Why Are We Here?
I thought for a while about whether or not I was going to write about my experience with cancer. I wasn’t sure if anyone would be interested in reading about lil’ ol’ moi and maybe this journey was just for me to have in my heart and soul. But then I would meet someone going through a similar experience ― not necessarily cancer even, but any daunting life challenge ― and I felt a profound desire to be a support and perhaps a guide for them. Their response was always so positive and appreciative and it gave even more meaning to everything I’ve been through. Then I would meet someone’s friend or family member who was caring for someone in this situation, and they were feeling so helpless. I found myself compelled again to share about my experience, trying to give them a sense of what their loved one might be feeling and needing, encourage them to hang in there, and assure them how much their support and even just their presence means to people like us when we’re in the thick of this major event in our lives. It is impossible to truly understand how it feels to go through these kinds of physical and emotional challenges if you are on the outside looking in, even if you’ve been through it many times with a family member or friend. Especially because oftentimes the person going through it must turn inward and they are unable to truly share their experience with those who so desperately want to help.

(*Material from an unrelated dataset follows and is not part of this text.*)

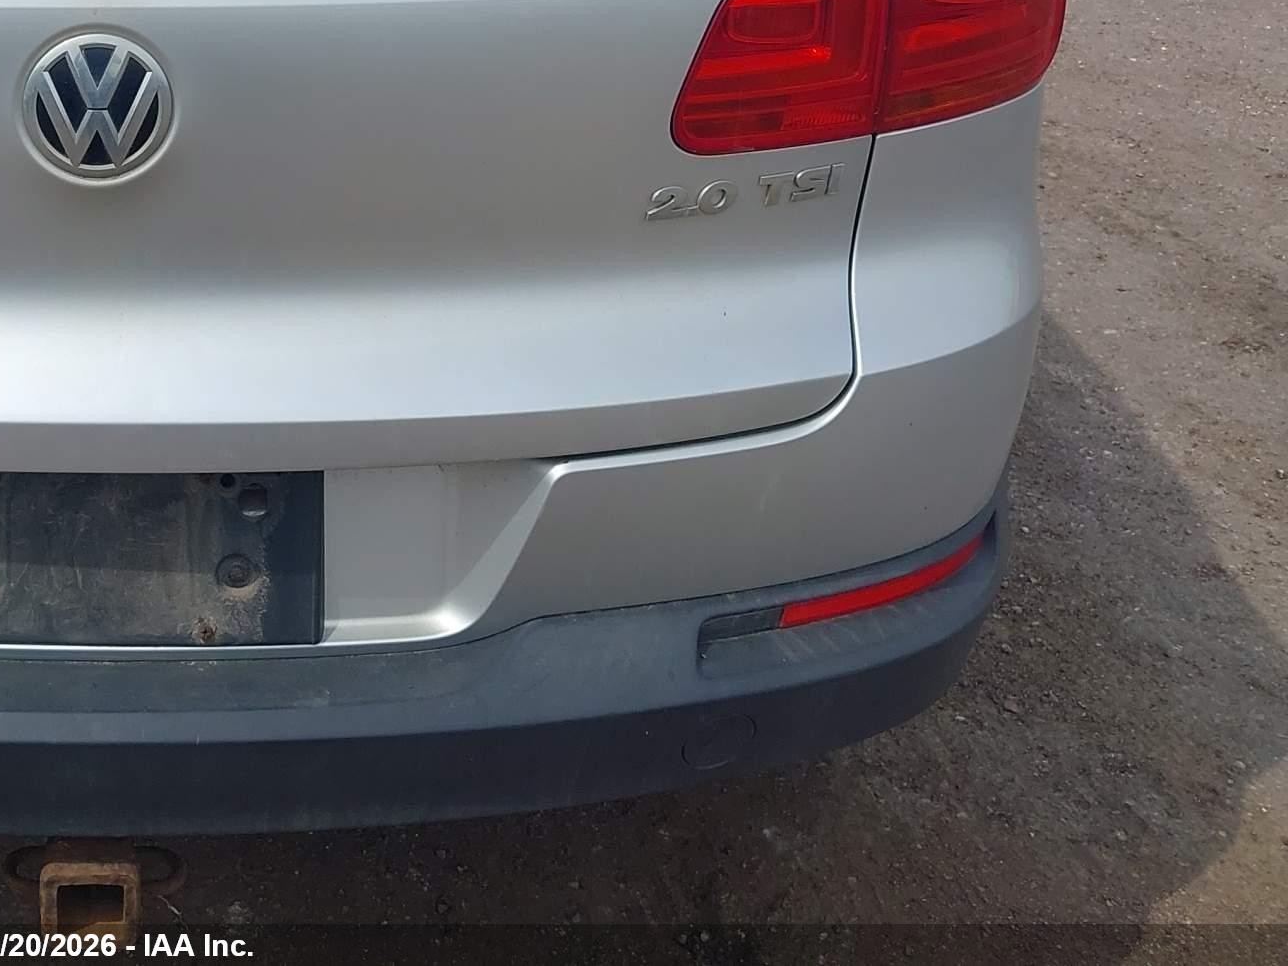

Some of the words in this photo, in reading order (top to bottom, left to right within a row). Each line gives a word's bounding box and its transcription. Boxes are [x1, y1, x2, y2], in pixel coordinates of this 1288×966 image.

After thinking about it more, I also realized that perhaps telling the story was a natural part of my psyche. Many of my favorite childhood memories are centered around the observation of Passover. Over 20 years of the annual tradition of sitting around the table with my family and cherished family friends, always with my grandparents (until they each had passed away), whether we were at their home in Maryland or they had flown down to Miami, and my Grandpa running the Passover service (called a seder). The part in the Haggadah (the prayer book used for conducting the seder) that always stuck out in my mind (besides singing all those fun songs at the end) is where it says that it’s in the telling of the story that we, and our children, and our children’s children will remember the journey of our people. I also took it to mean that in the retelling, we would learn certain values and principles and gain invaluable life lessons about family and faith, and that everything we have in this life, good or bad, is a blessing. In each retelling we relearn this for ourselves, and as I grew and changed from one year to the next, these lessons had new and deeper meaning. During the 3 years of my cancer journey, many of those ideals were crystallized in a way that made an indelible impact on me and I think for those around me as well.
My main hope is that perhaps the life lessons that I acquired through such abrupt, life-flashing-before-my-eyes circumstances can be heard and felt by others in similar situations, as well as those who are not coming from within this experience. I hope to impart the idea of truly holistic preventive medicine; that is, proactively attending to the health and fulfillment of mind, body, and spirit so that happiness, inner joy, joi de vivre is a state of being no matter the physical circumstances, rather than a goal to be working towards or something that is thrust upon one’s priority list because of a life-threatening situation. And so I share my stories ― myself ― with you.